PER·SPEC·TIVE: (1) a measured or objective assessment of a situation, giving all aspects their comparative importance (2) a particular evaluation of a situation or facts, especially from one person’s point of view
Last week my son turned 13 years old…a teenager!!!
[Queue the scary music… “DUN-DUN-DUNNN”]
As parents we try to pass-along all of our positive life experiences to our children in order to better prepare them for life. We also bring up all of our negative experiences so they don’t share the mistakes that we, as parents, have made. We hope that the lessons and words we use sink into our children’s scattered brains to ensure they are better prepared than we were! However, the bottom line is that we have perspective because of our life experiences and it is difficult for our children to relate.
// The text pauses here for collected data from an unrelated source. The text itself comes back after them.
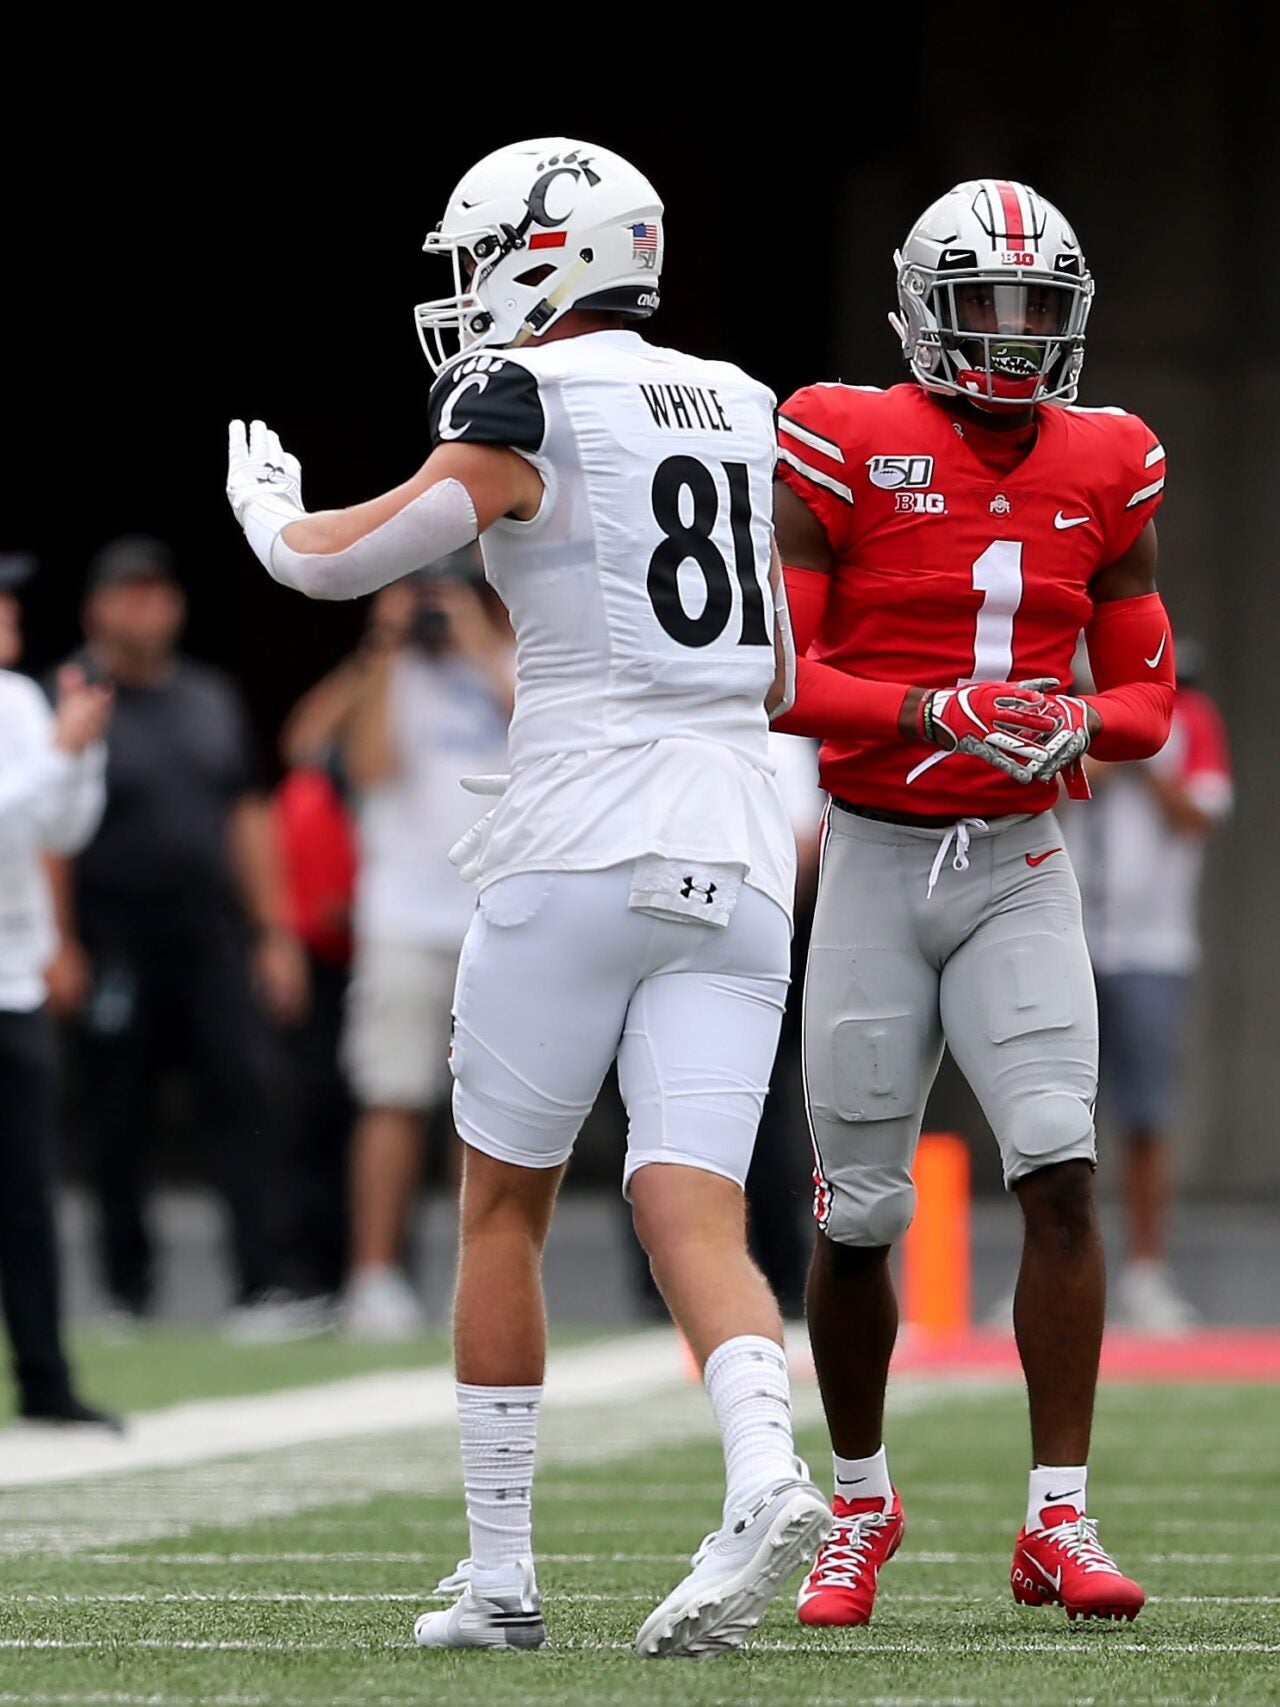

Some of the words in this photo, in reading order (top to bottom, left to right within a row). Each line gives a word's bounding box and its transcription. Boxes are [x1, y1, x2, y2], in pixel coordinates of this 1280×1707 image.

[639, 384, 733, 432] WHYLE
[865, 456, 933, 489] 150
[646, 454, 773, 648] 81
[956, 539, 1023, 685] 1
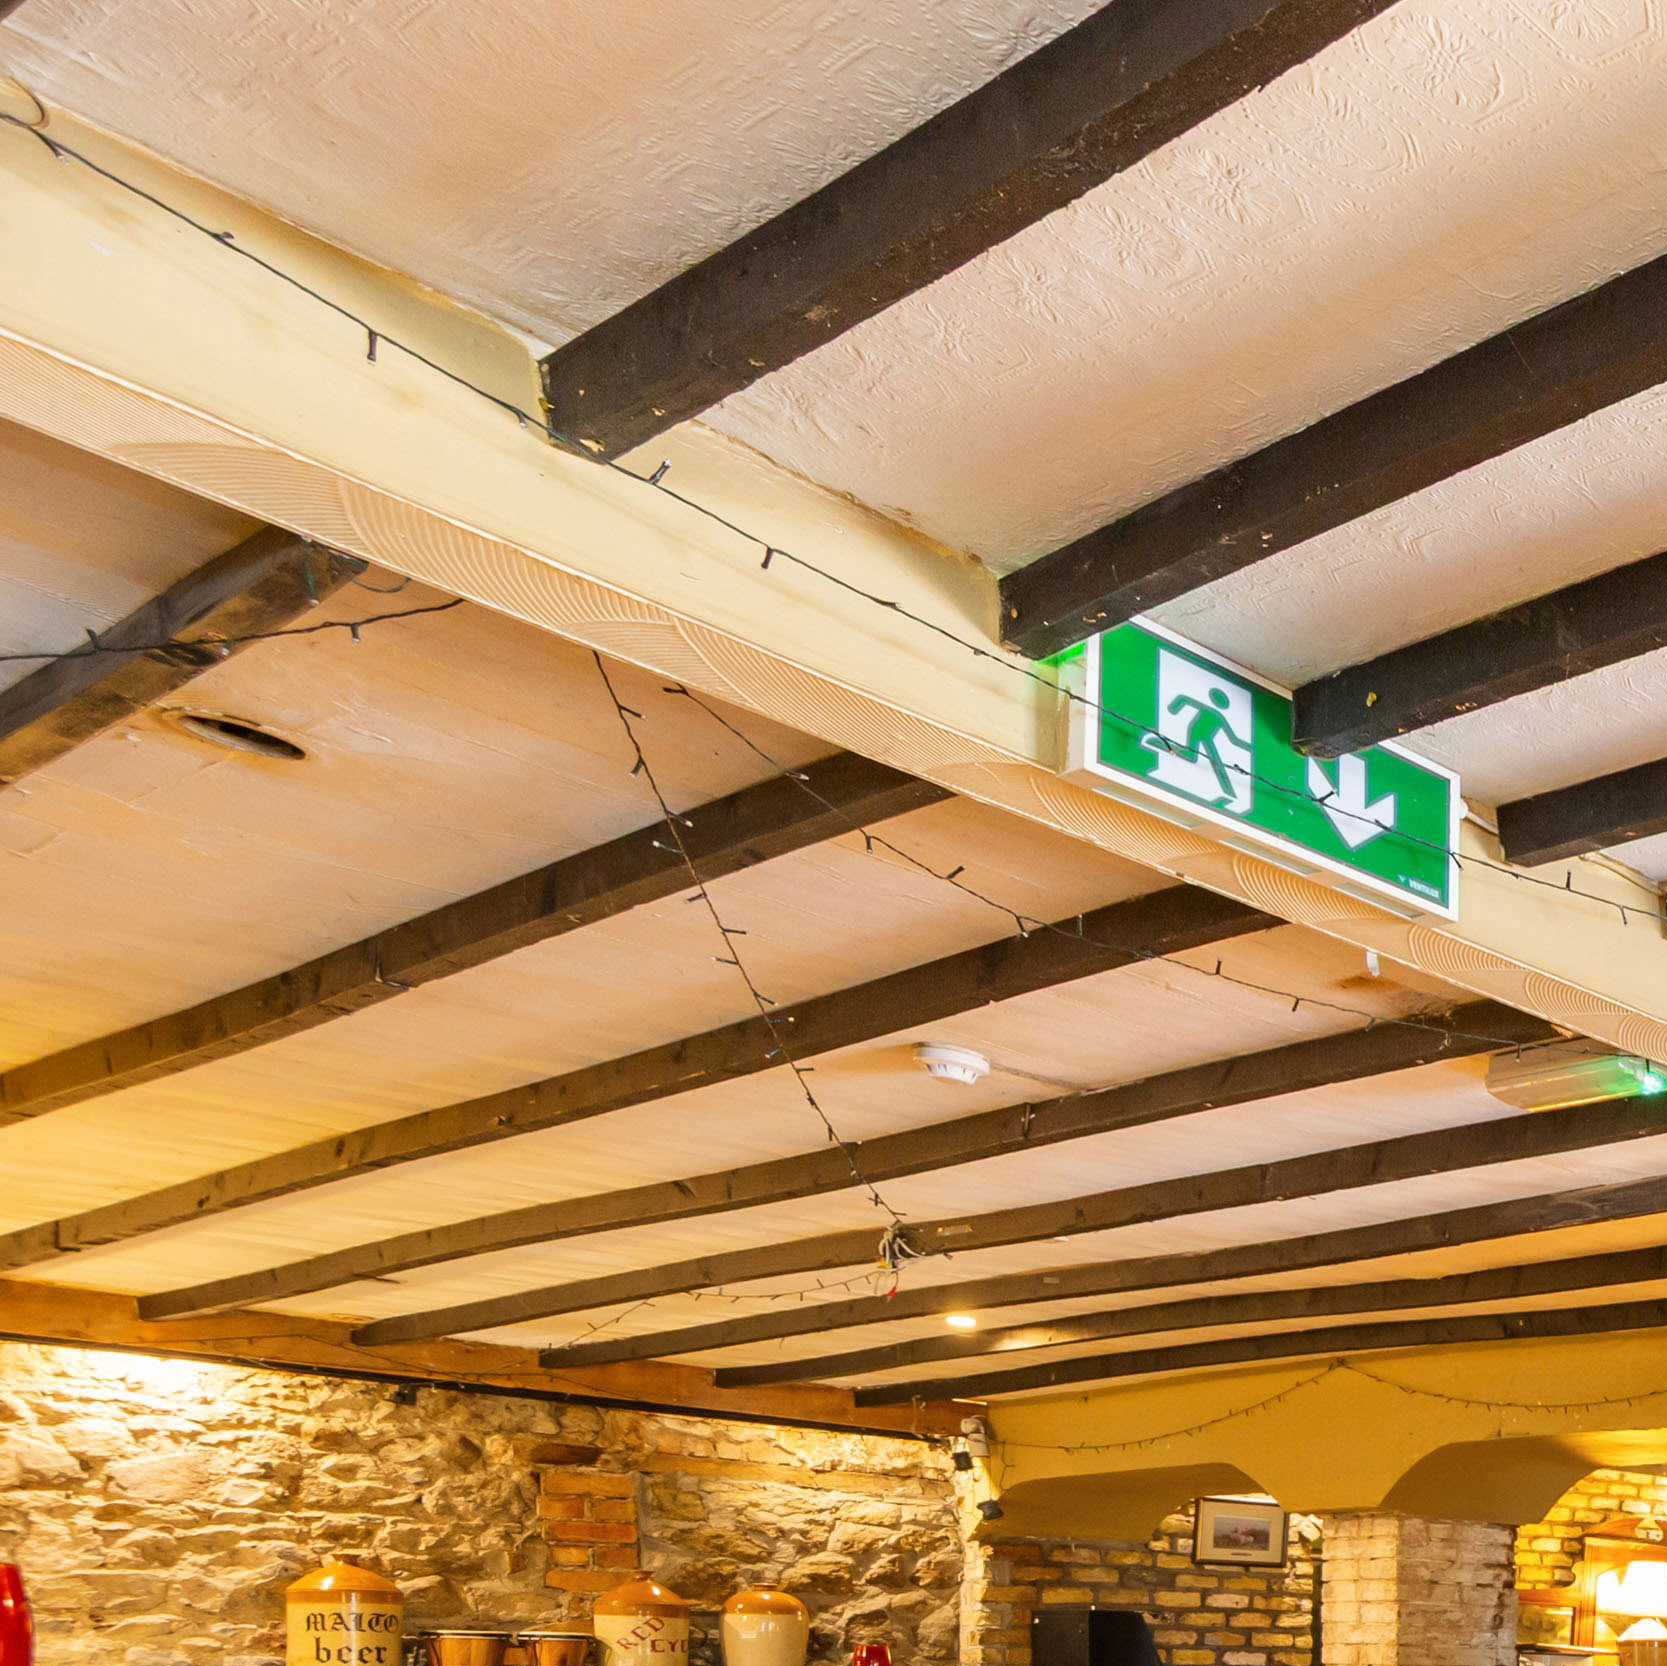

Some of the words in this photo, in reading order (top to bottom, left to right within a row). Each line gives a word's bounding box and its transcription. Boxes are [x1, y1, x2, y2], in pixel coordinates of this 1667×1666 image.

[306, 1612, 399, 1634] MALTO
[616, 1617, 665, 1650] RED
[314, 1637, 388, 1664] beer
We need perspective as wealth managers to educate clients, just as we educate our children. Two weeks ago, the Dow Jones’s dramatic 550-point 2-day sell-off, coupled with interest rates spiking over 0.5%, dealt investors a double whammy of stock and bond market losses. In late May and early June we trimmed some US and International Equity positions to rebalance and shorten interest rate exposure in some of our Fixed Income in anticipation of interest rates increasing in the long term.
There have been over 270 instances when the stock market has corrected 5% or more and the average correction has been in the 8-9% range when all is said and done. Investors need perspective when assessing market corrections. Often times a little perspective can lead to opportunities instead of generating fear and uncertainty.
We have enjoyed 30 years of a bull market in bonds as interest rates have been lowered to 0%. With rates normalizing you can expect “lumpier” bond market returns over the next few years. We will always allocate to Fixed Income for safety, to generate cash flow, and to remain disciplined within our asset allocation strategy. Bond market corrections are much less pronounced than stock market corrections and as rates increase, so will our cash-flow due to higher rates.
Investors desperately need perspective, the same as our children do, and sharing this perspective will allow them to make better educated investment decisions in the short-term as well as over their lifetime of investing.